The Registration Notice shall include a certificate executed by Parent and
its proposed managing underwriter, which underwriter shall be an 

                                       4

 
investment banking firm of nationally recognized standing and reasonably
acceptable to the Company (the 'Manager'), stating that Manager in good faith
believes that, based on the then prevailing market conditions, it will be able
to sell the Registrable Securities at a per share price equal to at least 90%
of the Fair Market Value of such shares. For purposes of this Section 8, the
term 'Fair Market Value' shall mean the per share average of the closing sale
prices of Company's Common Stock on the Nasdaq National Market for the twenty
(20) trading days immediately preceding the date of the Registration Notice.

              (b) Company shall use commercially reasonable efforts to effect,
as promptly as practicable, the registration under the Securities Act of the
unpurchased Registrable Securities; provided, however, that (i) Parent shall
                                    --------  -------
not be entitled to more than two effective registration statements hereunder
and (ii) Company will not be required to file any such registration statement
during any period of time (not to exceed 40 days after such request in the
case of clause (A) below or 90 days in the case of clauses (B) and (C) below)
when (A) Company is in possession of material non-public information which it
reasonably believes would be detrimental to be disclosed at such time and,
based on consultation with counsel to Company, such information would have to
be disclosed if a registration statement were filed at that time; (B) Company
is required under the Securities Act to include audited financial statements
for any period in such registration statement and such financial statements
are not yet available for inclusion in such registration statement; or (C)
Company determines, in its reasonable good faith, judgment, that such
registration would interfere with any financing, acquisition or other material
transaction involving Company or any of its affiliates. If consummation of the
sale of any Registrable Securities pursuant to a registration hereunder does
not occur within 180 days after the filing with the SEC of the initial
registration statement, then such registration shall not be taken into account
as an effective registration for purposes of clause (i) above. Company shall
use commercially reasonable efforts to cause any Registrable Securities
registered pursuant to this Section 8 to be qualified for sale under the
securities or Blue Sky laws of such jurisdictions as Parent may reasonably
request and shall continue such registration or qualification in effect in
such jurisdiction; provided, however, that Company shall not be required to
                   --------  -------
qualify to do business in, or consent to general service of process in, any
jurisdiction by reason of this provision.
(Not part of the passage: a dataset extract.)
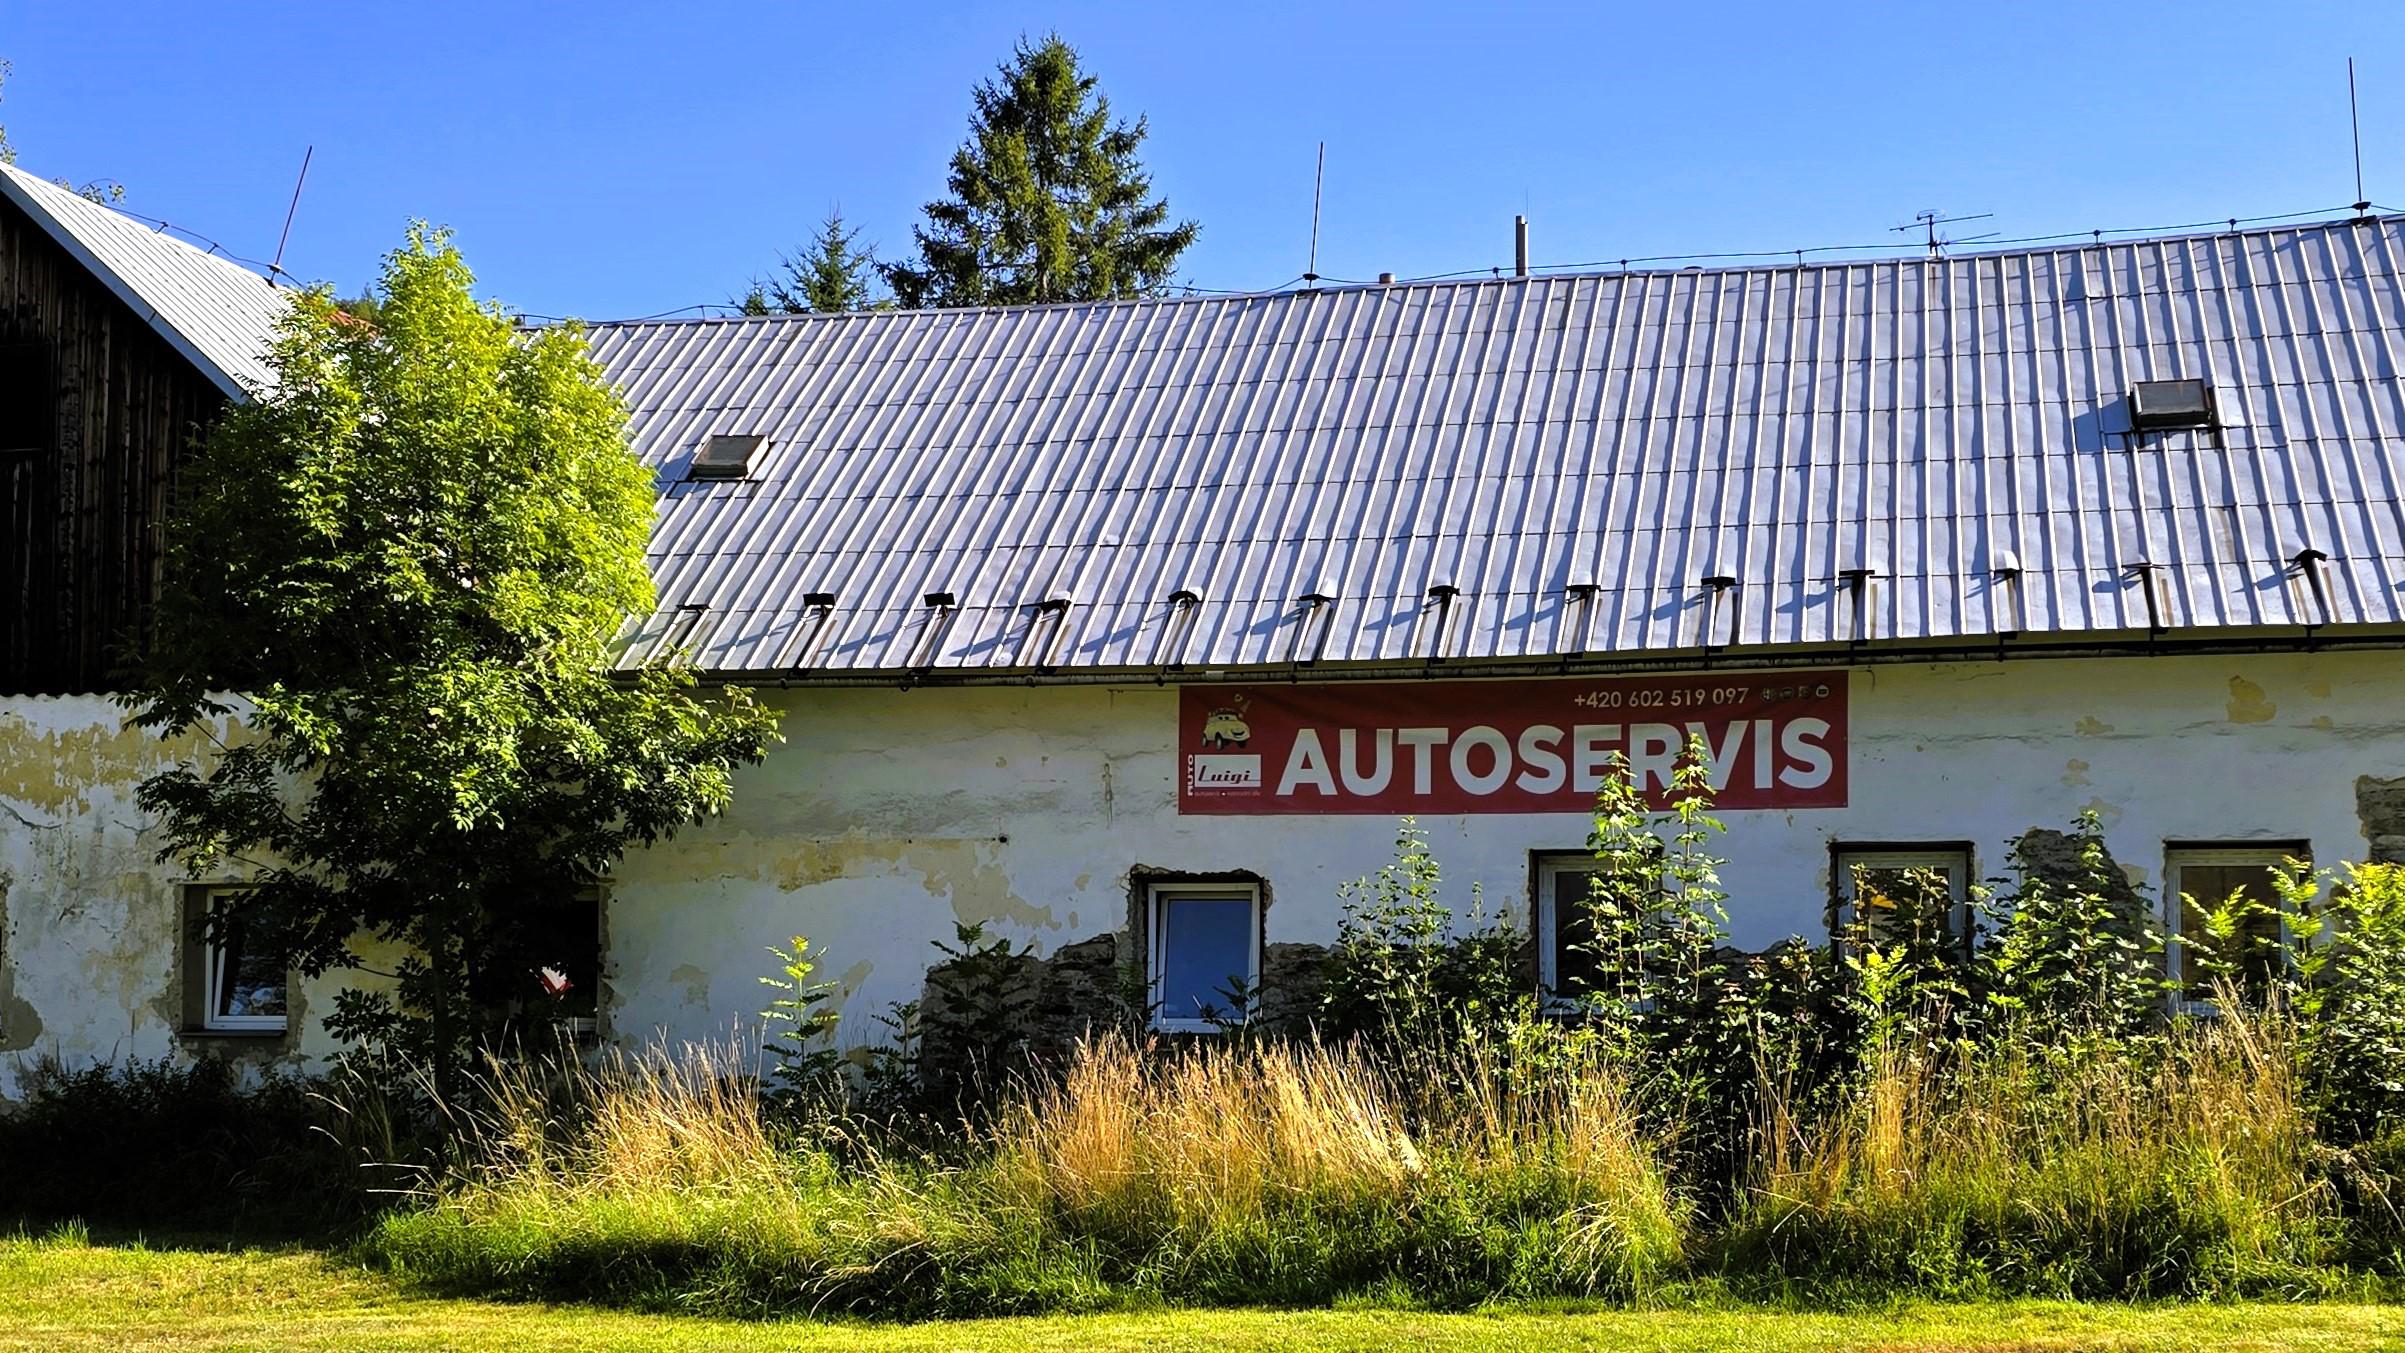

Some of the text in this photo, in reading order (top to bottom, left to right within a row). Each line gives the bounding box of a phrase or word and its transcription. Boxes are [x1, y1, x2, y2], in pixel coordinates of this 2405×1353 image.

[1574, 688, 1749, 708] +420 602 519 097
[1275, 717, 1834, 797] AUTOSERVIS
[1198, 764, 1251, 785] Luigi
              (c) The registration rights set forth in this Section 8 are
subject to the condition that Parent shall provide Company with such
information with respect to Parent's Registrable Securities, the plans for the
distribution thereof, and such other information with respect to Parent as, in
the reasonable judgment of counsel for Company, is necessary to enable Company
to include in such registration statement all material facts required to be
disclosed with respect to a registration thereunder.

              (d) If Company securities of the same type as the Registrable
Securities are then authorized for quotation or trading or listing on the New
York Stock Exchange, the Nasdaq National Market, or any other securities
exchange or automated quotations system, Company, upon the request of Parent,
shall promptly file an application, if required, to authorize for quotation,
trading or listing the shares of Registrable Securities on such exchange or
system and will use its reasonable best efforts to obtain approval, if
required, of such quotation, trading or listing as soon as practicable.

                                       5

 
              (e) A registration effected under this Section 7 shall be
effected at Company's expense, except for underwriting discounts and
commissions and fees and expenses of counsel to Parent, and Company shall
provide to the underwriters such documentation (including certificates,
opinions of counsel and 'comfort' letters from auditors) as are customary in
connection with underwritten public offerings as such underwriters may
reasonably require. In connection with any such registration, the parties
agree (i) to indemnify each other and the underwriters in the customary manner
and (ii) to enter into an underwriting agreement in form and substance
customary for transactions of the type contemplated hereby with the Manager
and the other underwriters participating in such offering.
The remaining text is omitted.